**THE DATA**:
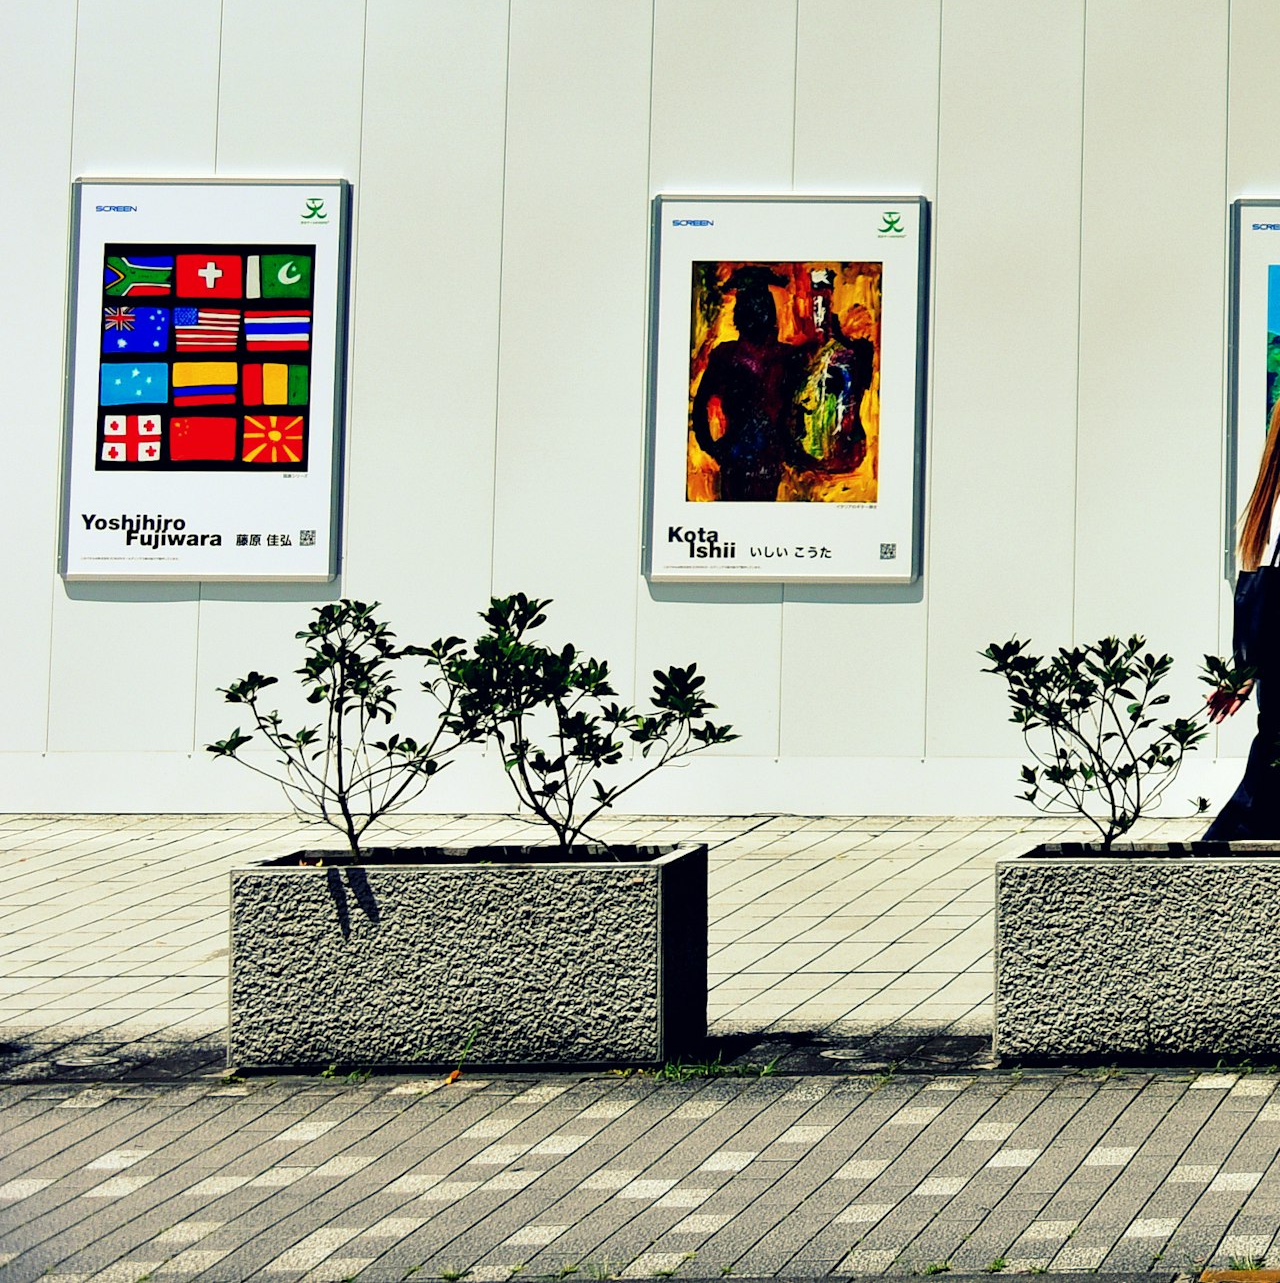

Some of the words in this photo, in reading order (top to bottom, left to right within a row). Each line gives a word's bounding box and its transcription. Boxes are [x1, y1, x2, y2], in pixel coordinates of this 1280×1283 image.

[672, 219, 714, 227] SCREEN
[81, 514, 186, 531] Yoshihiro
[126, 530, 222, 550] Fujiwara
[668, 526, 718, 543] Kota
[689, 542, 736, 559] Ishii
[750, 546, 788, 559] いしい
[794, 546, 832, 559] こうた
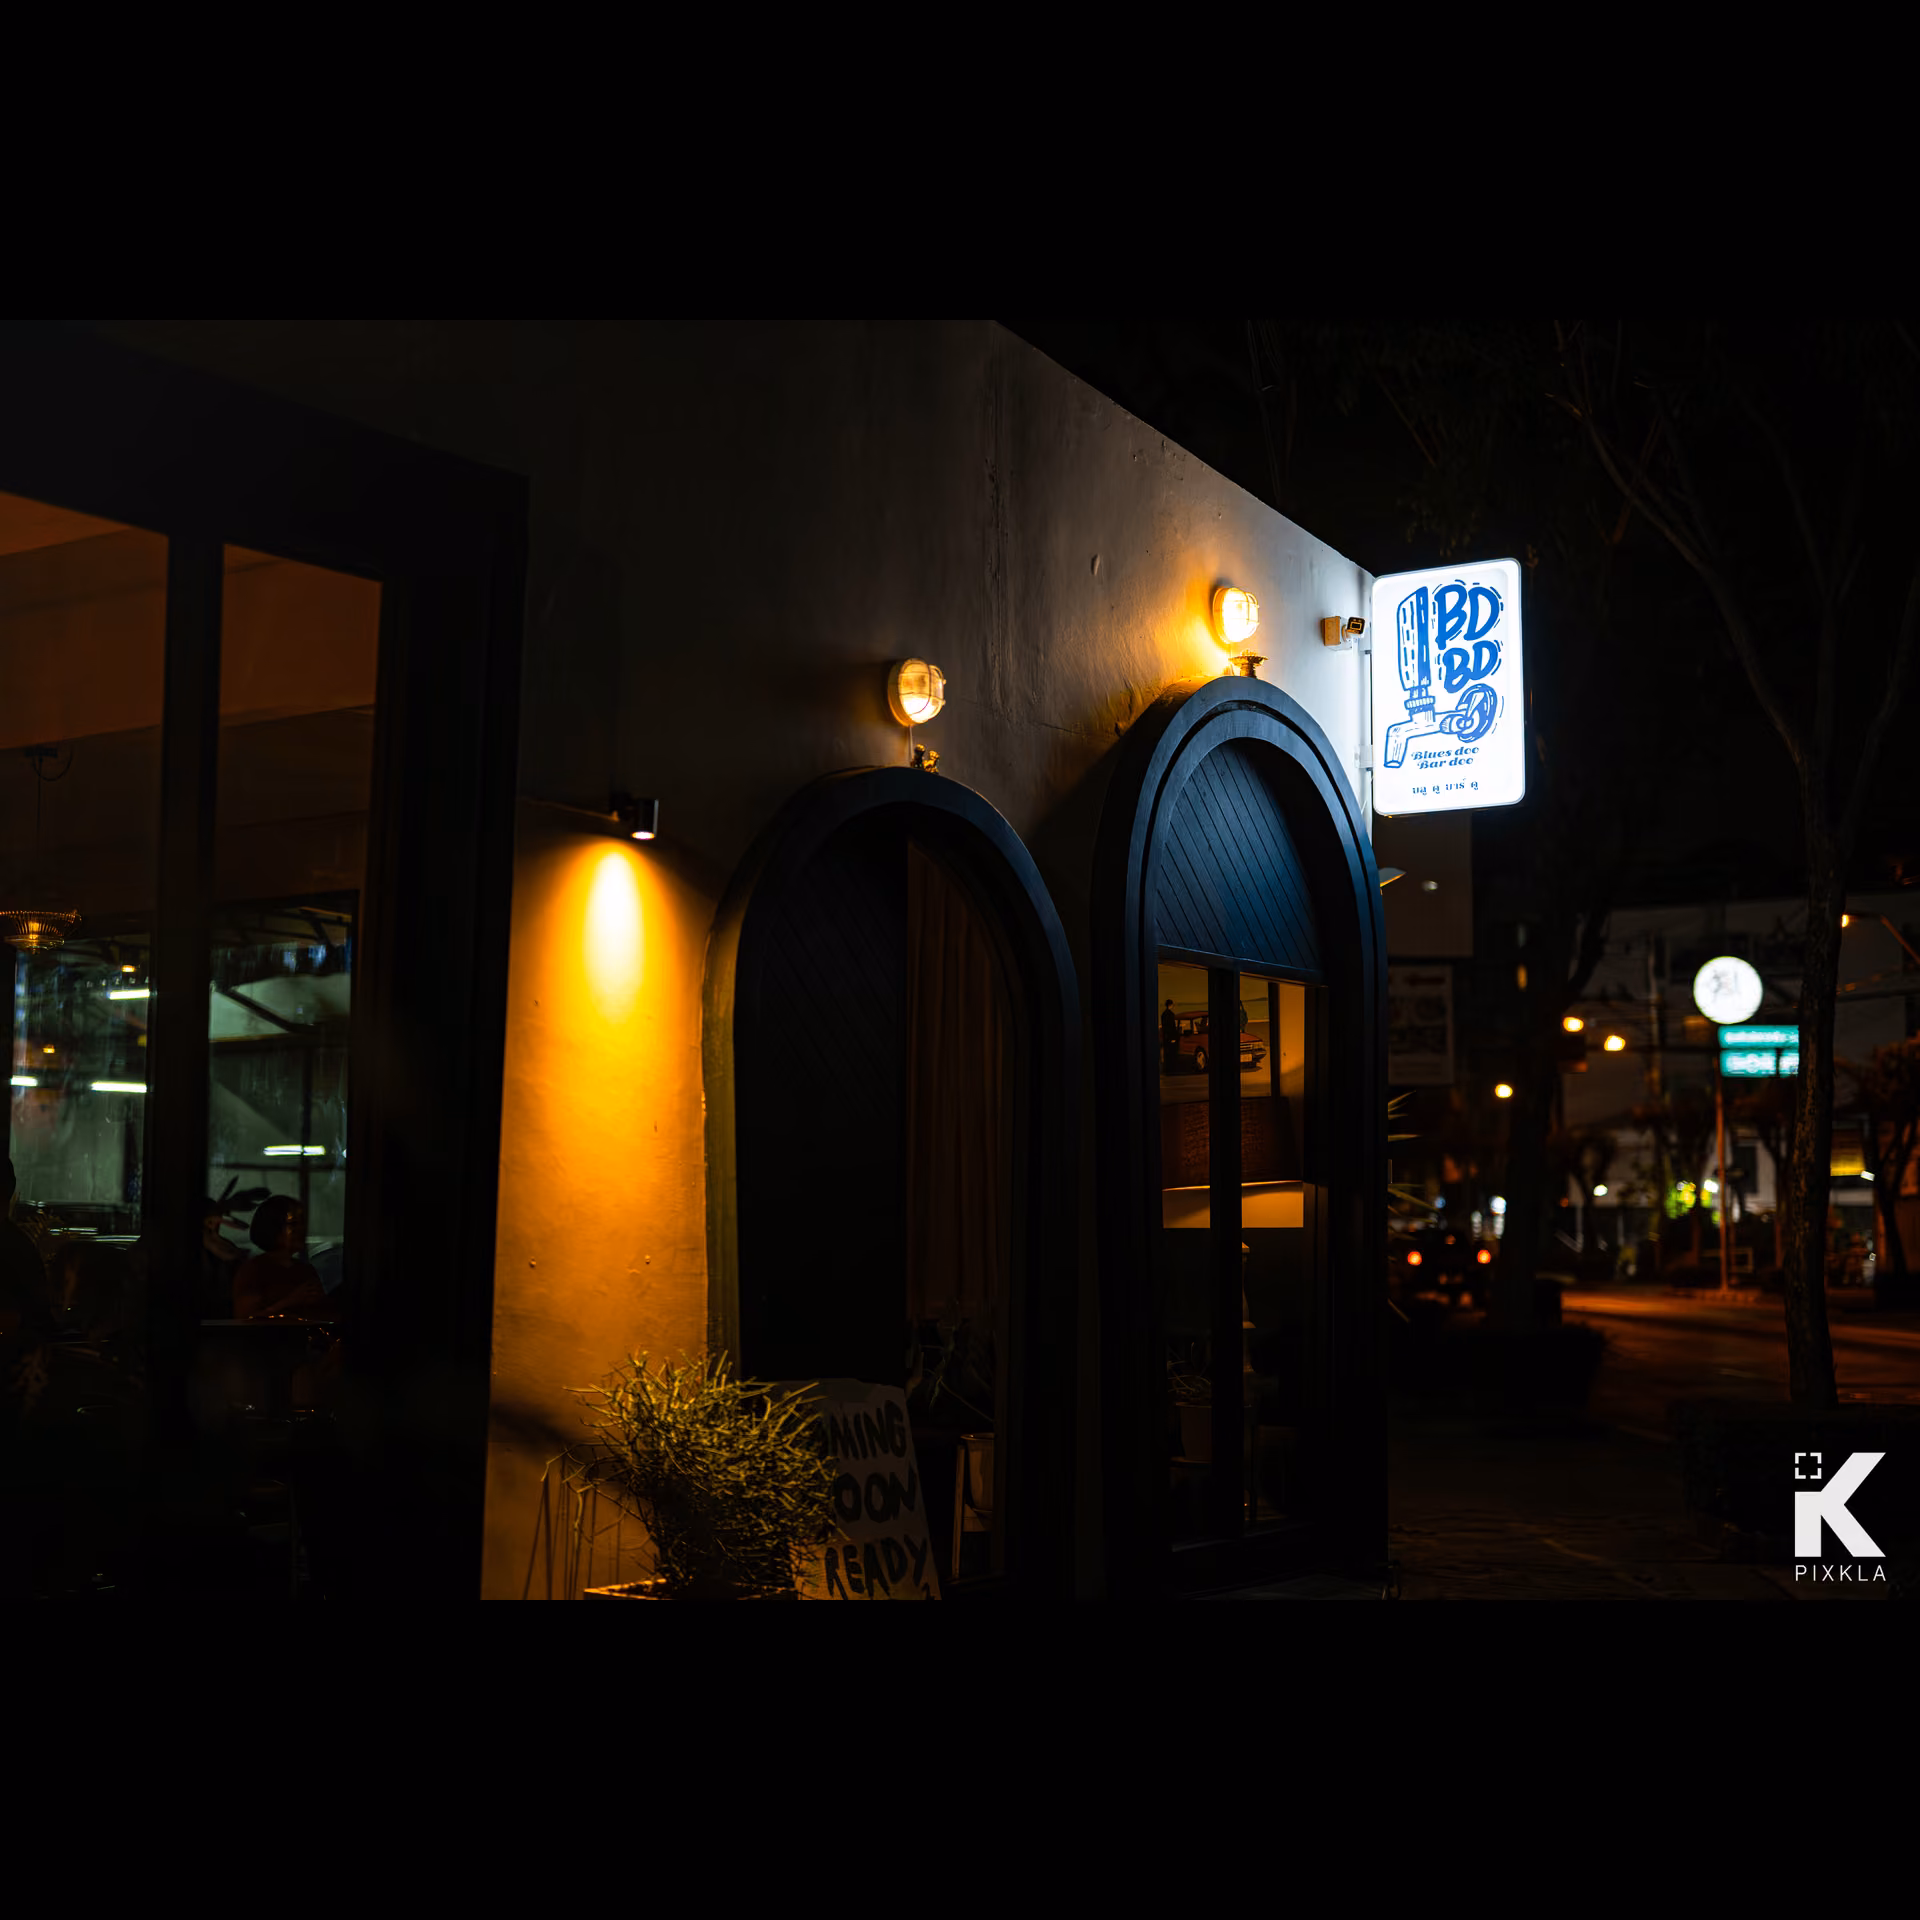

**TASK TO CARRY OUT**:
Everything in the material above is to be reproduced exactly, pictures aside.

**REPLY TO THE TASK**:
Some of the words in this photo, in reading order (top to bottom, left to right within a row). Each line gives a word's bounding box and its transcription. Boxes are [x1, y1, x2, y2], in pixel coordinates of this 1280×1283 image.

[672, 219, 714, 227] SCREEN
[81, 514, 186, 531] Yoshihiro
[126, 530, 222, 550] Fujiwara
[668, 526, 718, 543] Kota
[689, 542, 736, 559] Ishii
[750, 546, 788, 559] いしい
[794, 546, 832, 559] こうた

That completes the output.